Small stations (presumably operating balloons) received gas in commercial cylinders. They were filled to 1800 psi and supplied 370 cu.ft. Some gas came from commercial suppliers, most from airship stations. The hydrogen installation at a large station had to generate the gas, purify it as necessary, store it, feed it to the hangers both for initial fills and for topping-up, and on some sites, refill cylinders. The demands for filling and topping-up airships were so different that separate piping systems were provided: 6 inch for filling and 2 inch for topping-up. Conventional low-pressure gasholders were provided to buffer the output of the gas generating plant, but the main storage was in a bank of large steel cylinders at 600 psi. Each cylinder weighed 6.5 tons and provided a useful capacity of 7500 cu.ft. The piping to provide these functions was quite complex, with many valves: care was needed in operation because of the purging requirements, the mixture of high and low pressures, and the explosion hazard.

Until the end of world war two, the standard industrial method of producing hydrogen in large quantities was the 'water gas process'. Steam was reduced to hydrogen by passing it over metallic iron at a high temperature. The iron oxide produced in this reaction was converted back to active iron by water gas (a mixture of carbon monoxide and hydrogen obtained by passing steam over incandescent coke) . Gas purification was essential.
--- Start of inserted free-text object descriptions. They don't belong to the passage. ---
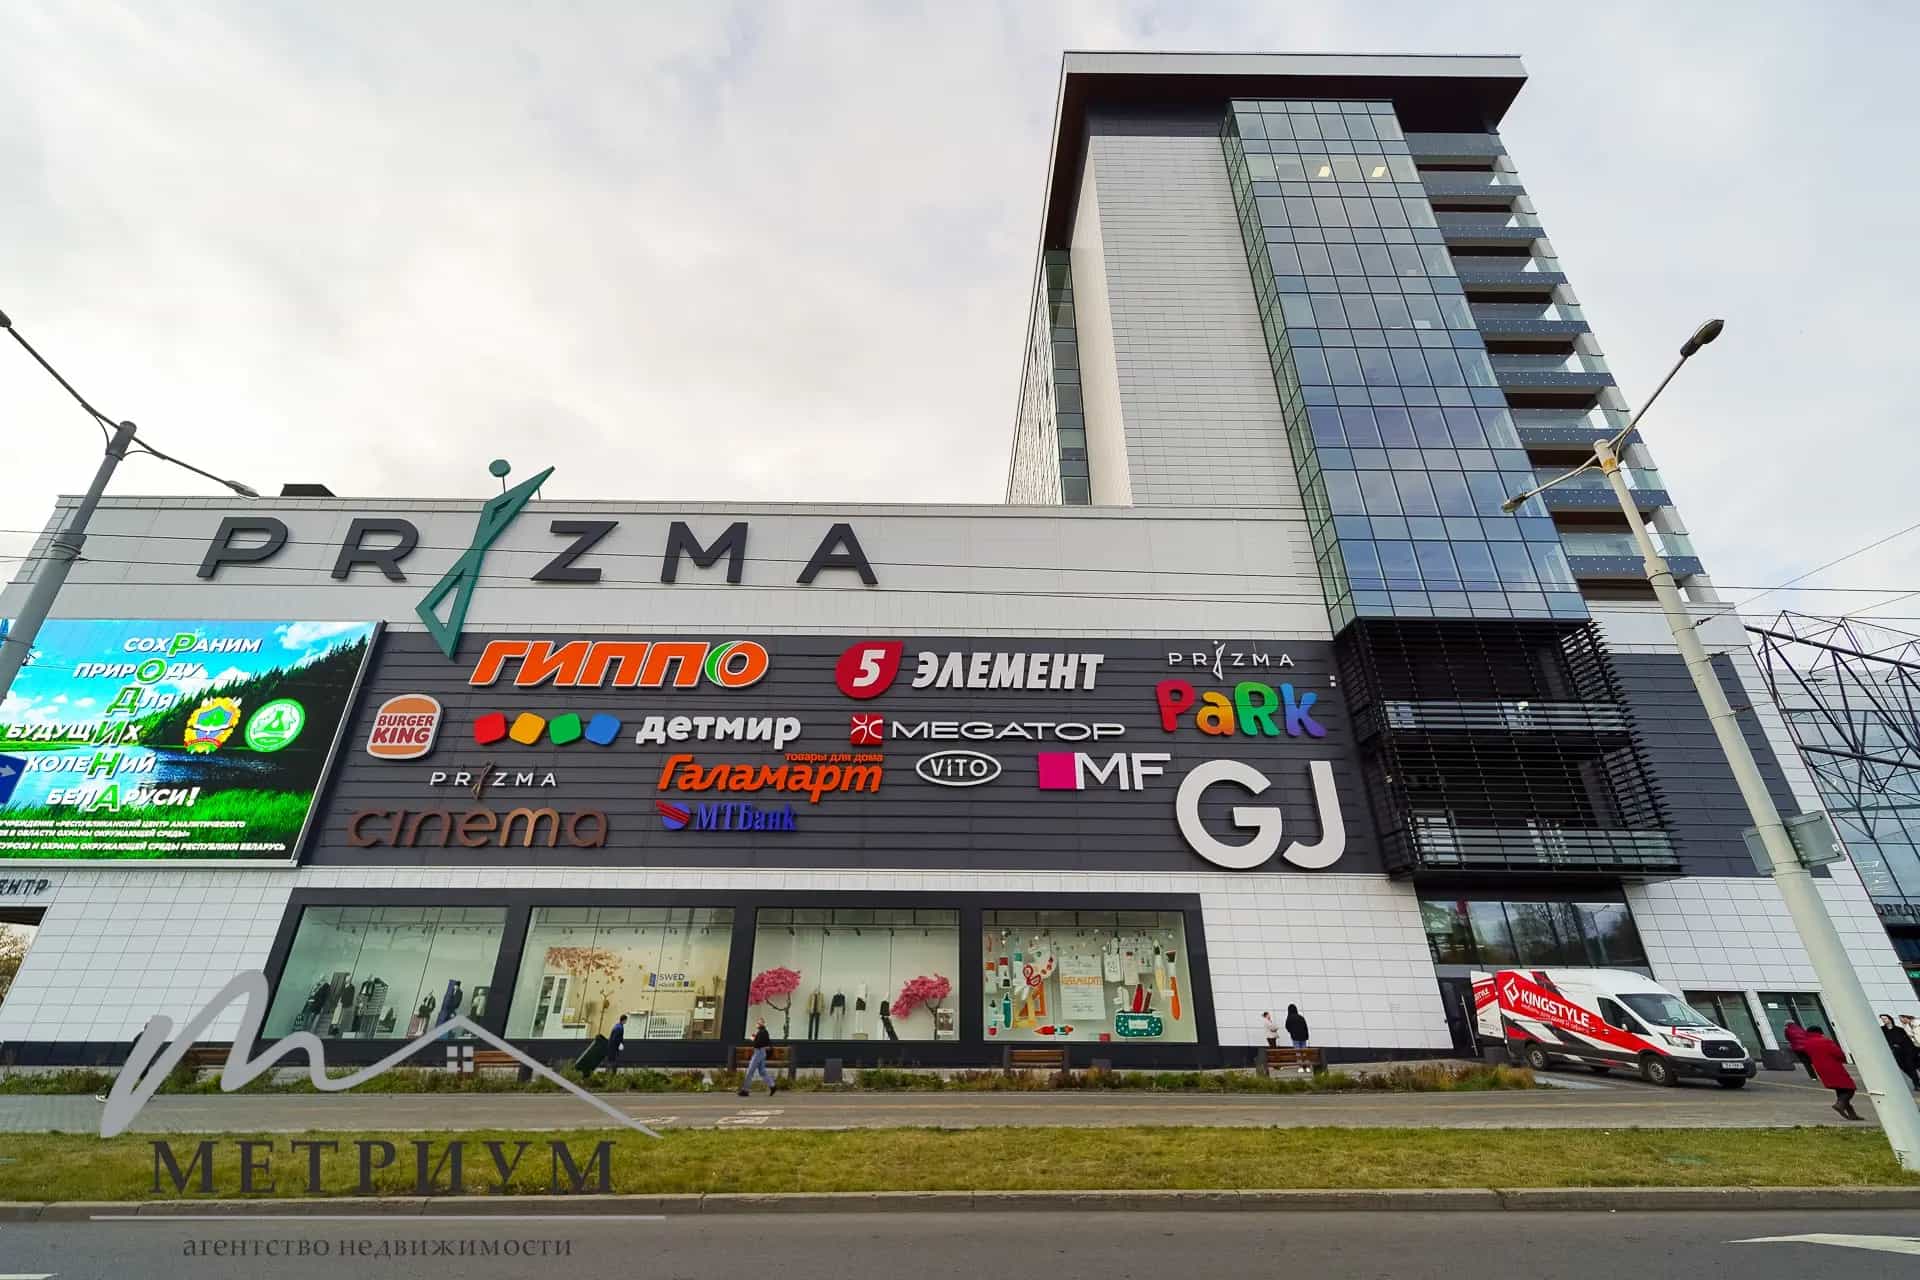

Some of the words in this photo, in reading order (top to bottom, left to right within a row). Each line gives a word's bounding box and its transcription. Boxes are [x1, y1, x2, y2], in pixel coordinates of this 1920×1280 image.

[124, 633, 262, 657] СОХРАНИМ
[73, 658, 204, 684] ПРИРОДУ
[468, 640, 769, 688] ГИППО
[852, 649, 886, 688] 5
[911, 651, 1104, 690] ЭЛЕМЕНТ
[6, 720, 143, 747] БУДУЩИХ
[372, 727, 431, 744] KING
[377, 715, 434, 727] BURGER
[635, 713, 801, 750] детмир
[891, 721, 1125, 741] MEGATOP
[785, 753, 826, 763] товары
[830, 753, 851, 762] для
[854, 753, 883, 763] дома
[1075, 753, 1171, 790] MF
[657, 754, 883, 803] Галамарт
[46, 783, 199, 812] БЕЛАРУСИ!
[346, 806, 609, 848] cinema
[696, 801, 798, 831] МТБанк
[1176, 759, 1346, 869] GJ
[658, 973, 685, 981] SWED
[1521, 989, 1590, 1027] KINGSTYLE
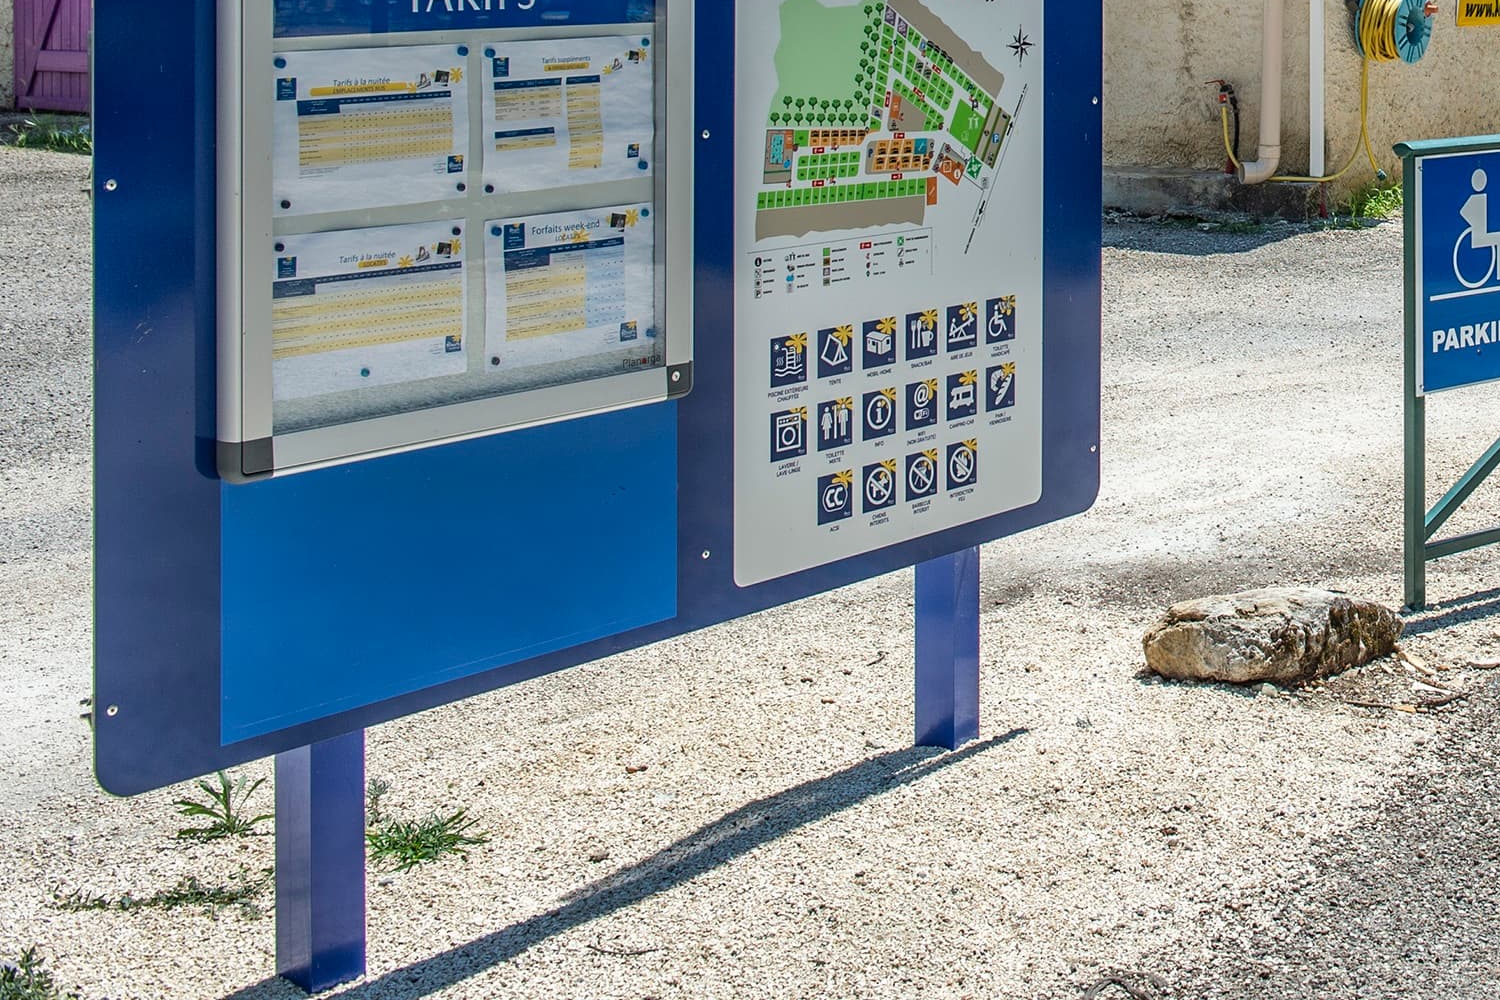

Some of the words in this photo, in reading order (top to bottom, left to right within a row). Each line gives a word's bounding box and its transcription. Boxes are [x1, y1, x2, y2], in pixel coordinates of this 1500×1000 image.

[333, 79, 352, 87] Tarifs
[532, 224, 562, 235] Forfaits
[564, 220, 600, 232] week-end
[340, 255, 359, 264] Tarifs
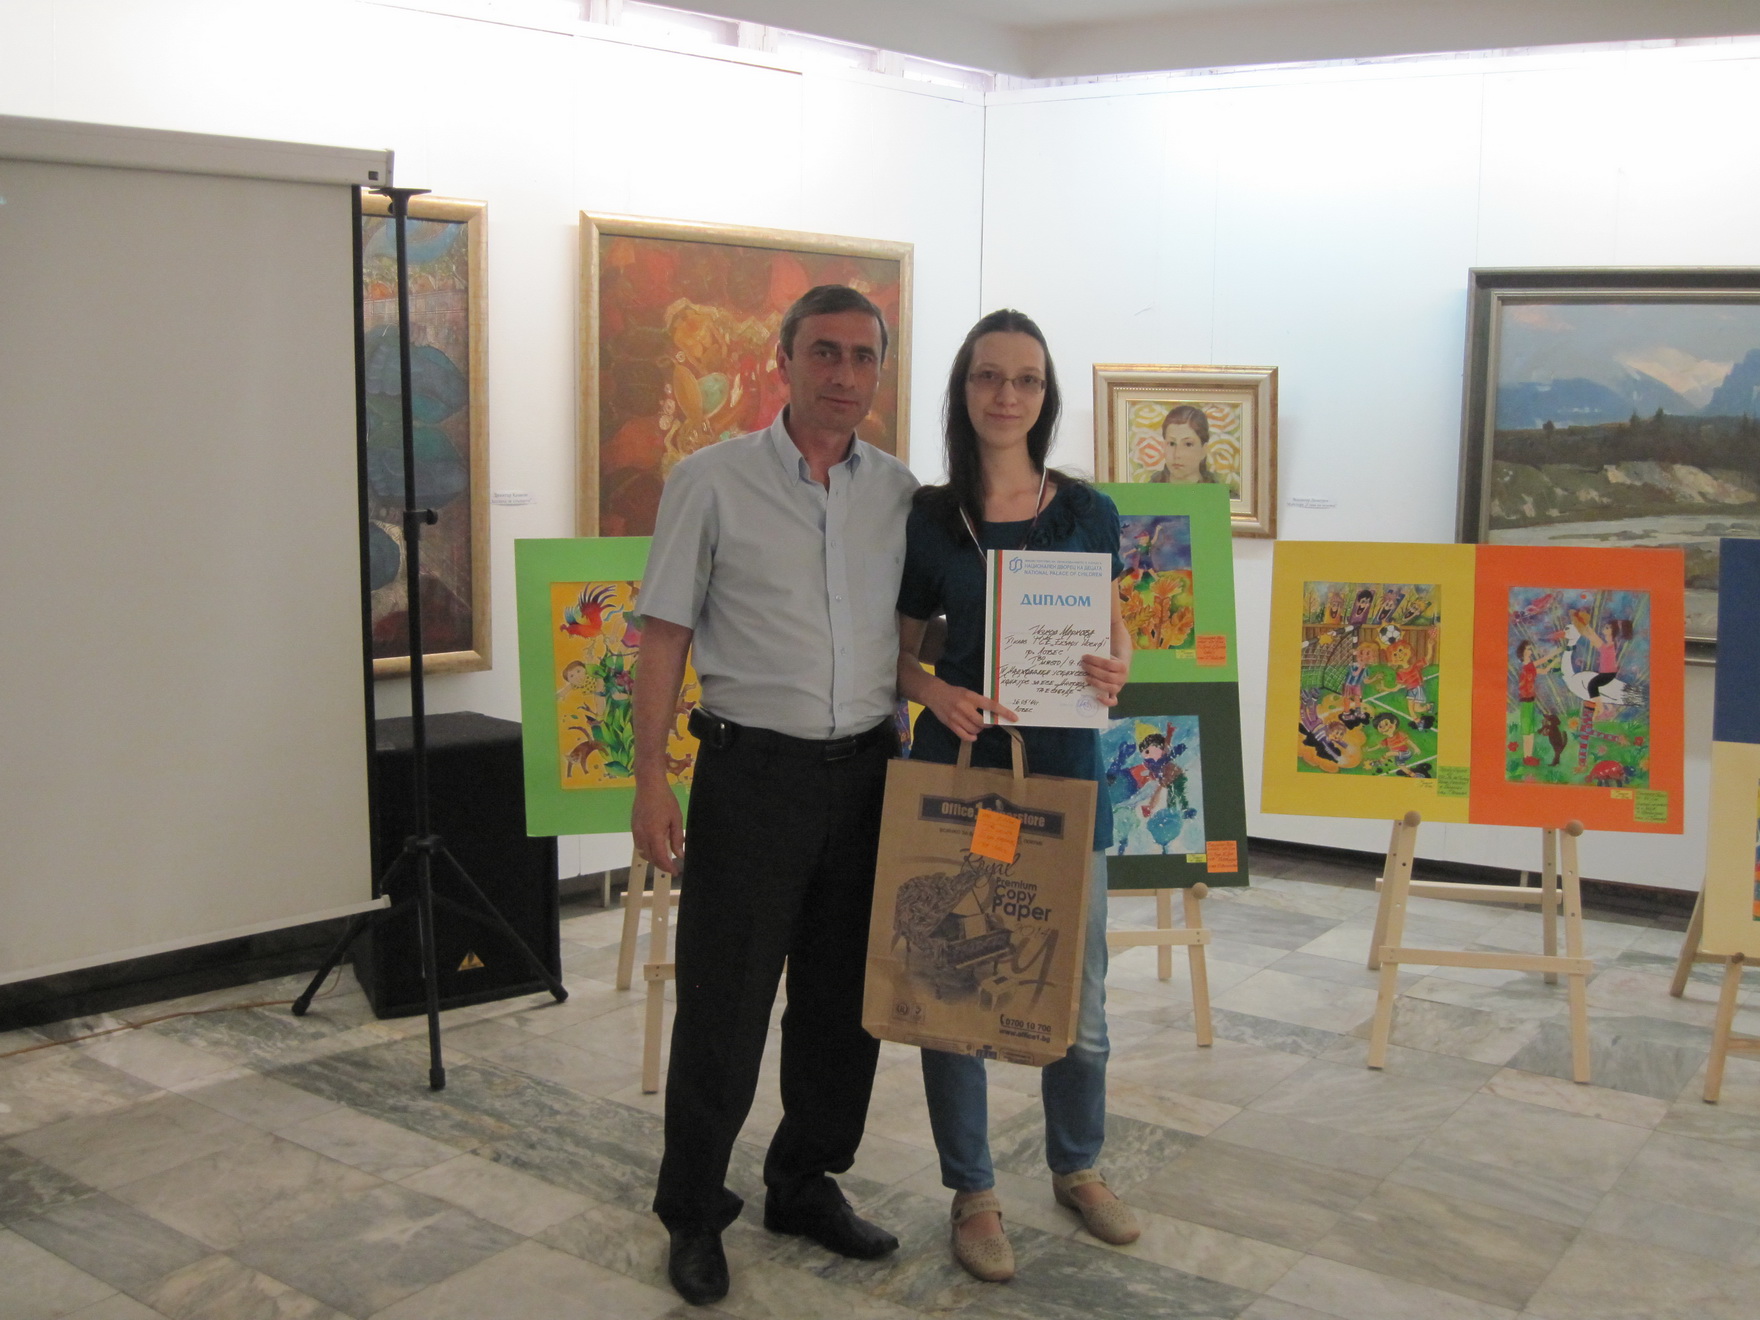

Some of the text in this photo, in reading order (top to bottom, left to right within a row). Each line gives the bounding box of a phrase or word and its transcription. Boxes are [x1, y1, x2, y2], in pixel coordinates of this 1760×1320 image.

[1020, 593, 1091, 607] ДИПЛОМ
[941, 801, 974, 818] Office
[996, 876, 1038, 891] Premium
[994, 884, 1036, 905] Copy
[992, 896, 1052, 922] Paper
[1005, 1017, 1052, 1033] 0700 10 700
[999, 1029, 1050, 1043] www.office1.bg
Production costs were inherently low, but they could only be achieved by skilled operators running the plant as a quasi-continuous process. All reactions ran at high temperatures and big items of plant were required, including a boiler house and a large gasholder. The lack of flexibility, the large, complex and expensive fixed plant, and the need for skilled operation clearly made it unattractive to the armed forces. It appears that it was used only at a few large airship sites.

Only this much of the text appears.